只见镜头由远及近——先是一个恒星系,然后是一颗行星,接下来是......
“你们的信息中心在这颗恒星上?等等,难道说......”烛月见镜头已经进入了行星的地壳,而那里被似乎是超级计算集群的巨大智能单元填充着,“这颗行星就是你们的信息中心?”
“说对了一半!”国务卿女士爽朗地大笑道,“应该是这个恒星系所有行星的总和!这种信息中心在我国,就像4G、5G的通讯基站在你们国家那样稀松平常。

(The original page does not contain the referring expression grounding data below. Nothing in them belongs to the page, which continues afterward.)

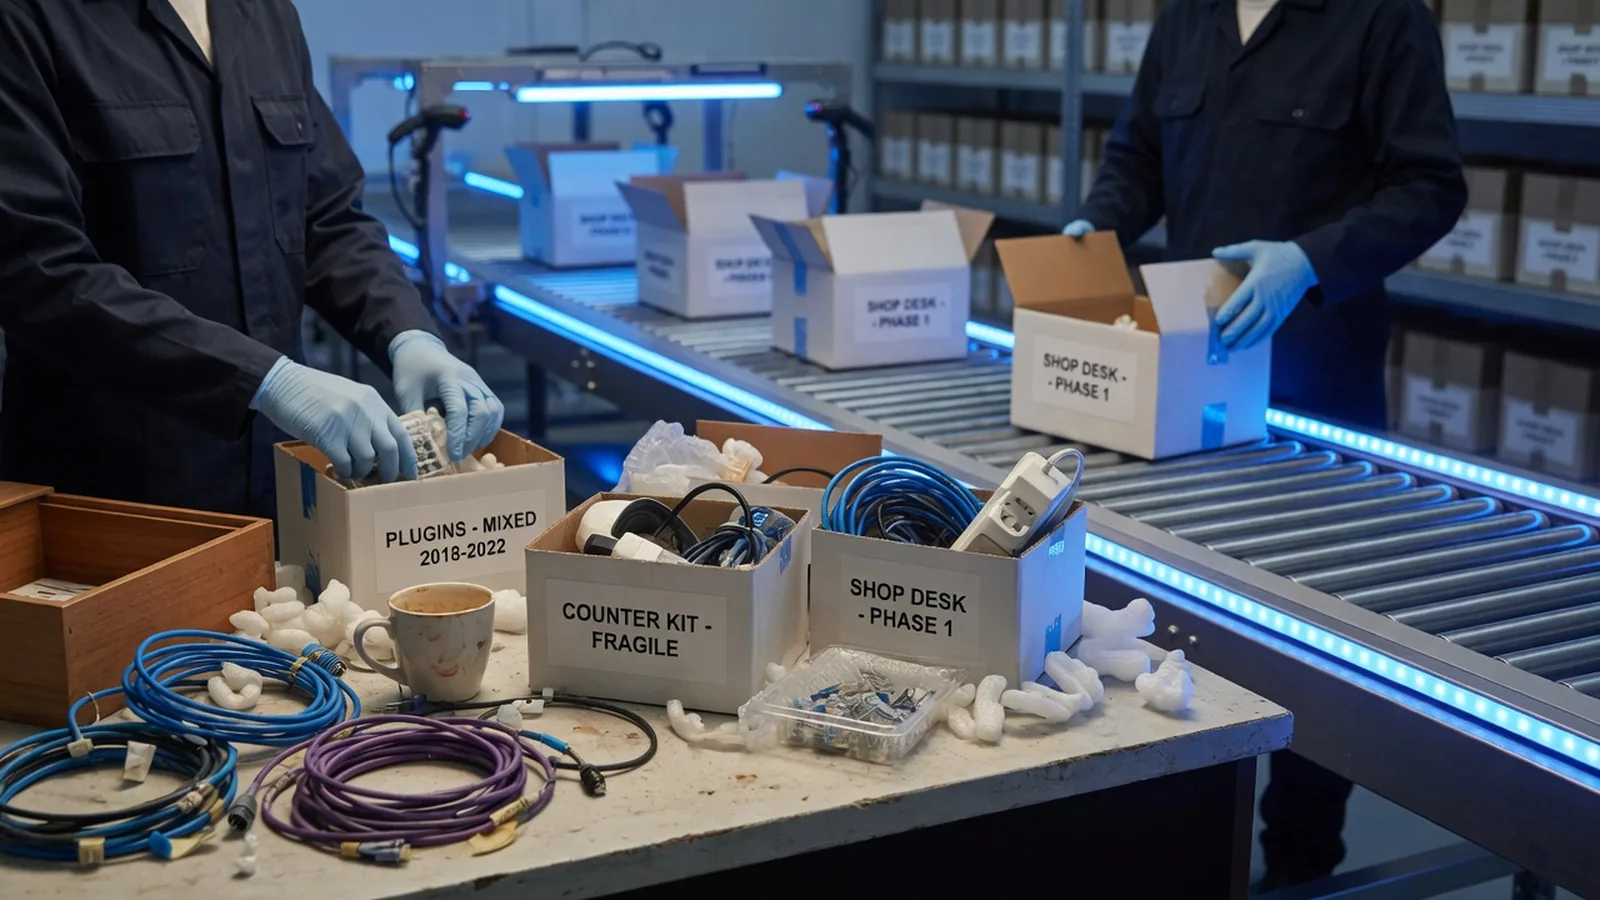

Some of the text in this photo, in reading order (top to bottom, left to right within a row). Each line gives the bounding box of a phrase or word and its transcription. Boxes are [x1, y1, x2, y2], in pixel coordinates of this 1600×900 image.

[867, 299, 900, 313] SHOP
[904, 297, 937, 310] DESK
[879, 314, 920, 329] PHASE
[924, 313, 930, 326] 1
[1043, 352, 1079, 372] SHOP
[1082, 360, 1118, 382] DESK
[1055, 376, 1099, 400] PHASE
[1103, 387, 1109, 402] 1
[385, 521, 466, 548] PLUGINS
[483, 511, 537, 533] MIXED
[420, 538, 506, 567] 2018-2022
[850, 578, 967, 613] SHOP DESK
[562, 602, 661, 629] COUNTER
[667, 612, 699, 633] KIT
[870, 607, 937, 634] PHASE
[944, 619, 952, 637] 1
[591, 630, 679, 657] FRAGILE
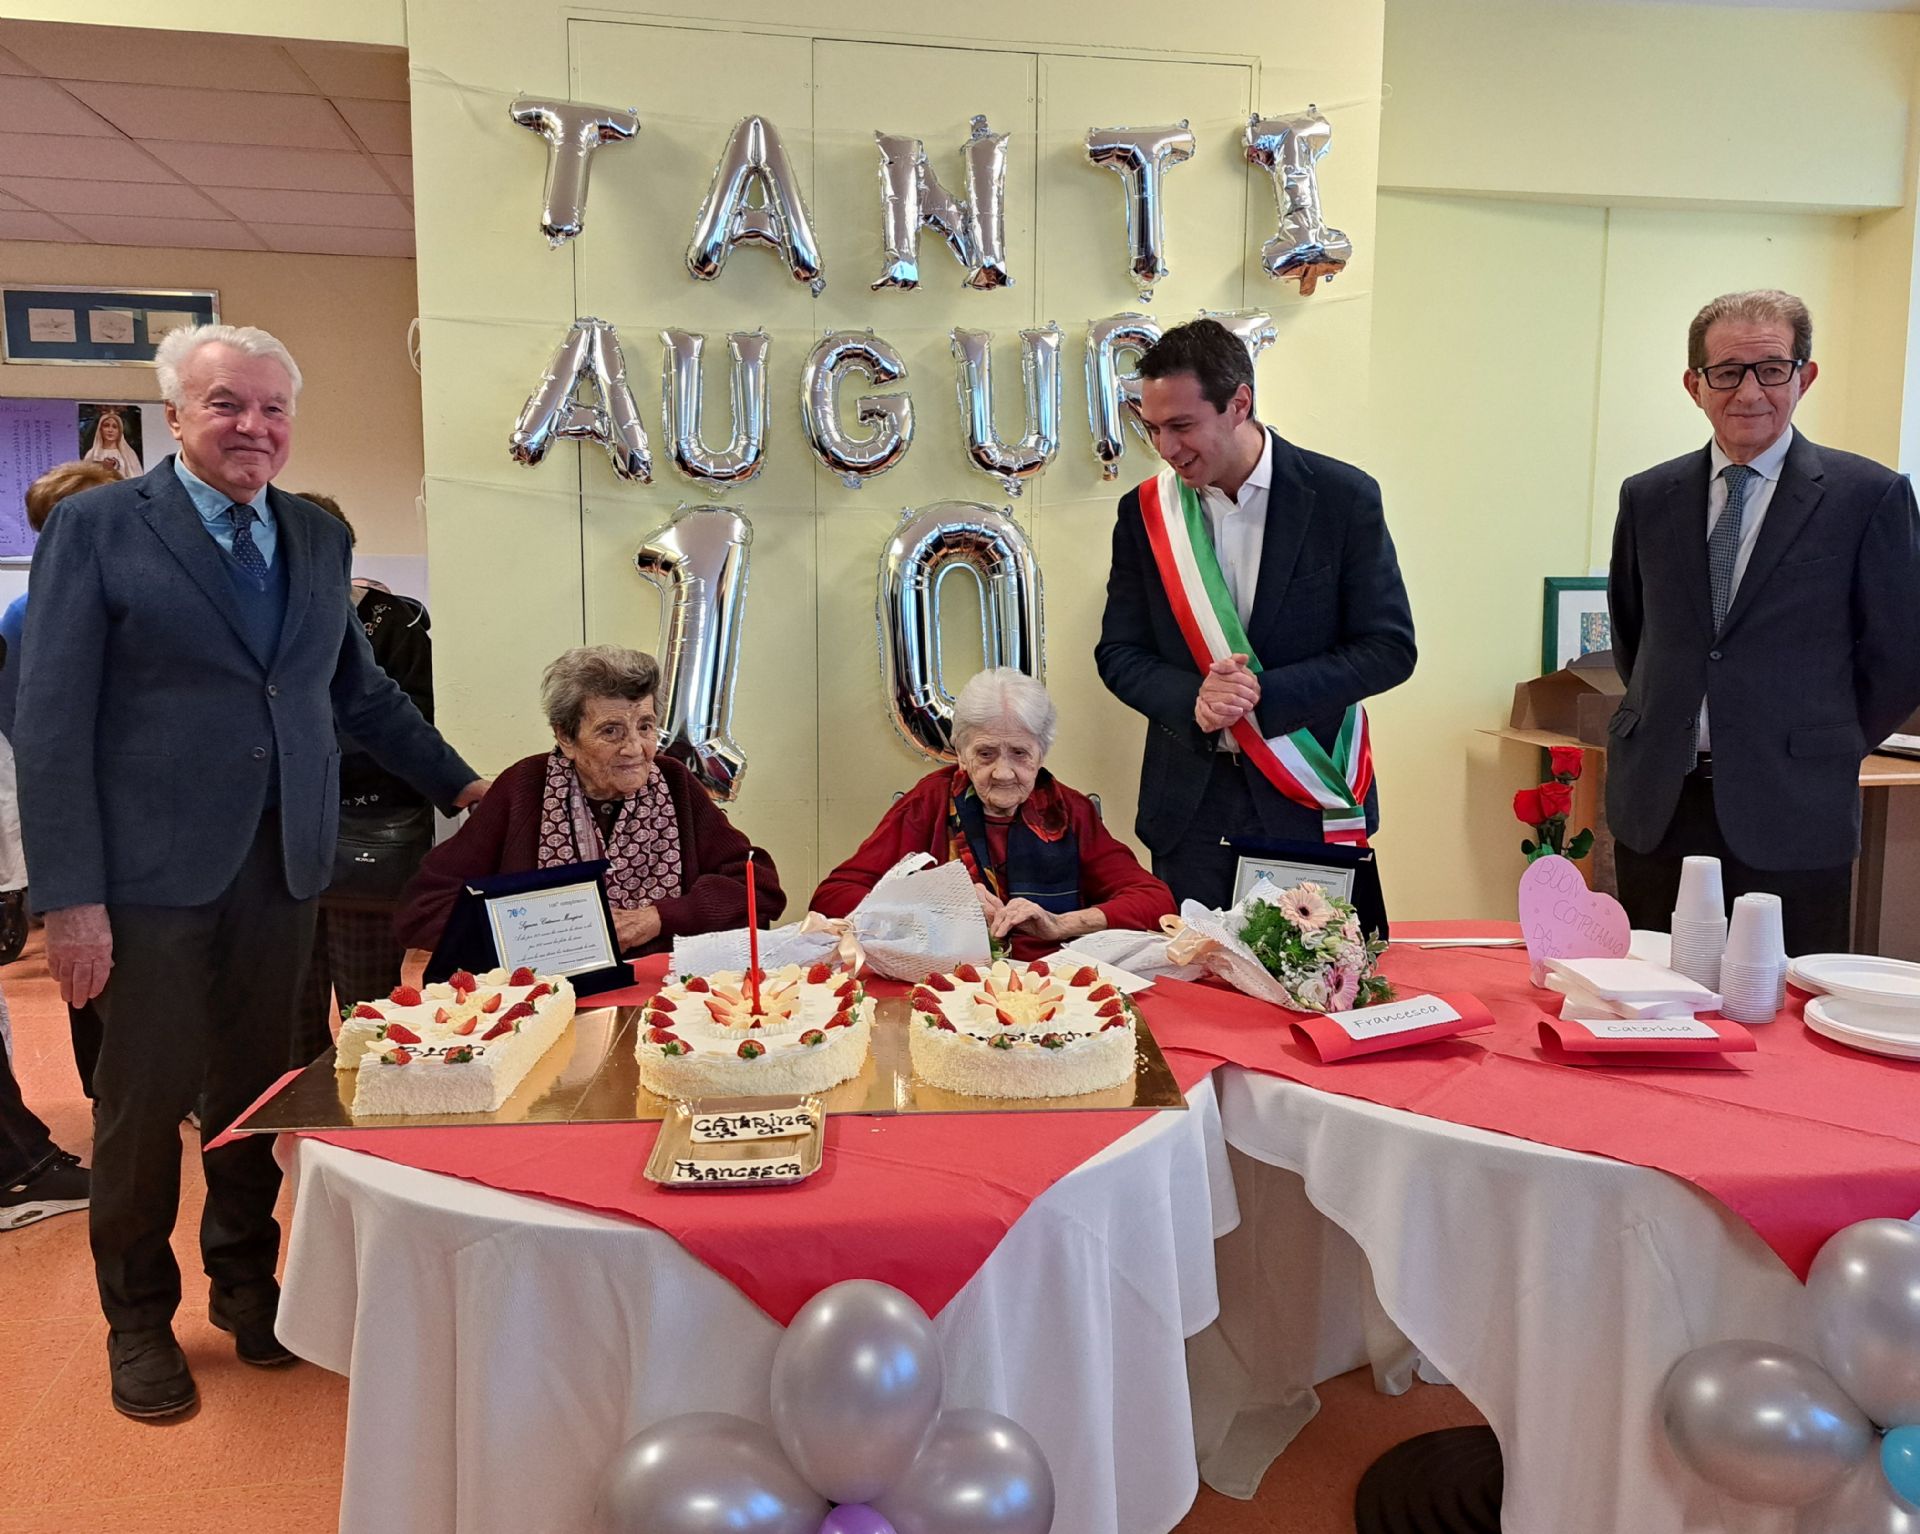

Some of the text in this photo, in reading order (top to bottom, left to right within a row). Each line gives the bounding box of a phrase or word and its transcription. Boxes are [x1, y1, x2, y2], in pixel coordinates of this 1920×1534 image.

[509, 93, 1352, 300] TANTI
[1534, 859, 1579, 898] BUON
[1353, 1004, 1440, 1028] Francesca

”
“得了,克察,别老是自吹自擂,咱们要做的事情还有很多!贵宾远道来访,我们理当送给她一件礼物,”总统姑娘打断她道,“国美少女殿下,您也要一件吧!不然公民们说我懒政,本姑娘的连任就泡汤了!”
“我要个发卡就行了。”此刻,星影的声音冰冷生硬,似乎总统姑娘是她不共戴天的仇人一般。

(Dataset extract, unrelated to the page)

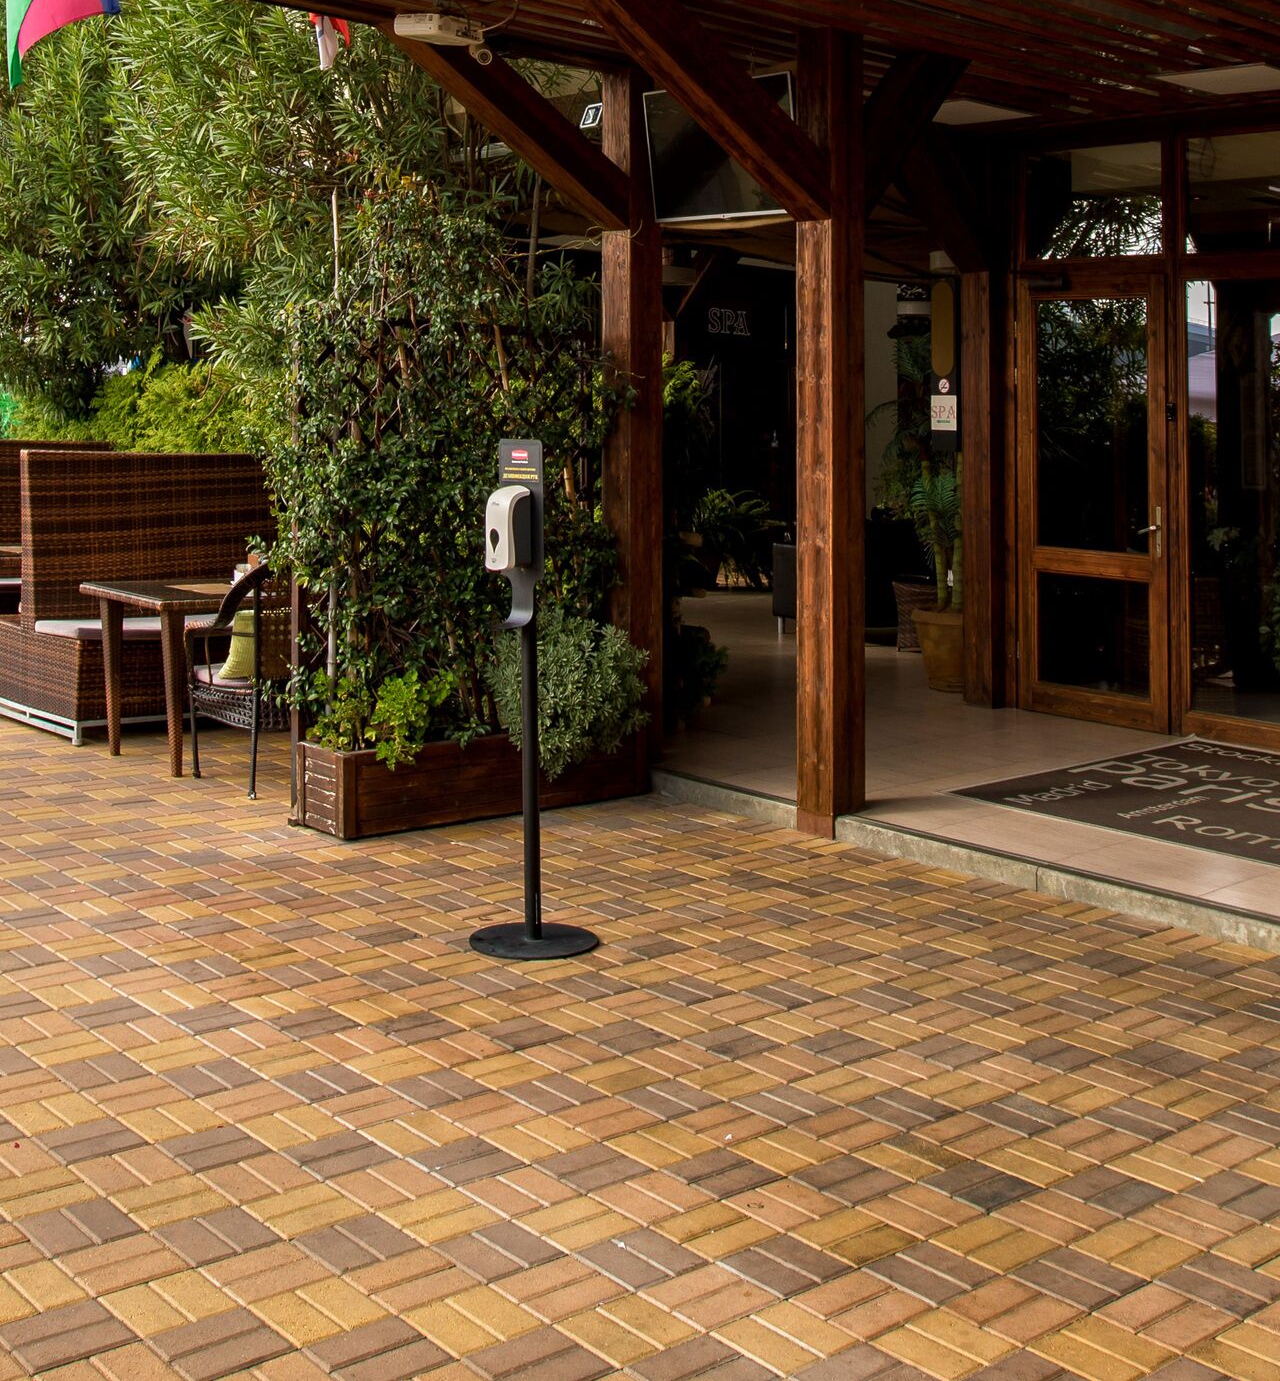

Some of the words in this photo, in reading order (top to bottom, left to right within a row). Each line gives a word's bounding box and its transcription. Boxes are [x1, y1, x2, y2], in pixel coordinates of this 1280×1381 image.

“如此老套的礼物!国美少女殿下,您确实不怎么了解时代潮流。”总统姑娘也不在意她的敌意,好像已经习惯了似的,“语气”轻松道,“您一直说隐国的繁荣离不开生机勃勃的年轻人们,可您本人并不像是他们中的一员。”说着她搓了搓手中的铝粉,在原地打了两个圈,“给!”
一只粉色的发卡脱离她纤细的手指,舒缓地飞向星影。它小巧亮丽,可并没有大工厂生产品所特有的那种生冷感,而是让人想起中世纪手工作坊中那些带着农门少女羞怯腼腆的小玩意儿。
“我自己做的,希望国美少女喜欢!”她轻飘飘道。
星影接住那发卡,低头看了它一眼——烛月确信她的目光与自己看一只蟑螂的目光别无二致——然后一把将它揣进了裤兜里,任凭自己的长发披散着;目睹这令人不快的一幕,烛月也失去了要礼物的兴趣。
又听那国务卿克察道:“那个,国美少女殿下,您私人穿梭机在水下行驶时出现的散热问题,我们已经帮您解决了。讲真,那玩意儿已经落后到连自由隐国的航天专家们都看不下去的地步了,您真不考虑换上一架吗?尖端隐国的最新款,公费。”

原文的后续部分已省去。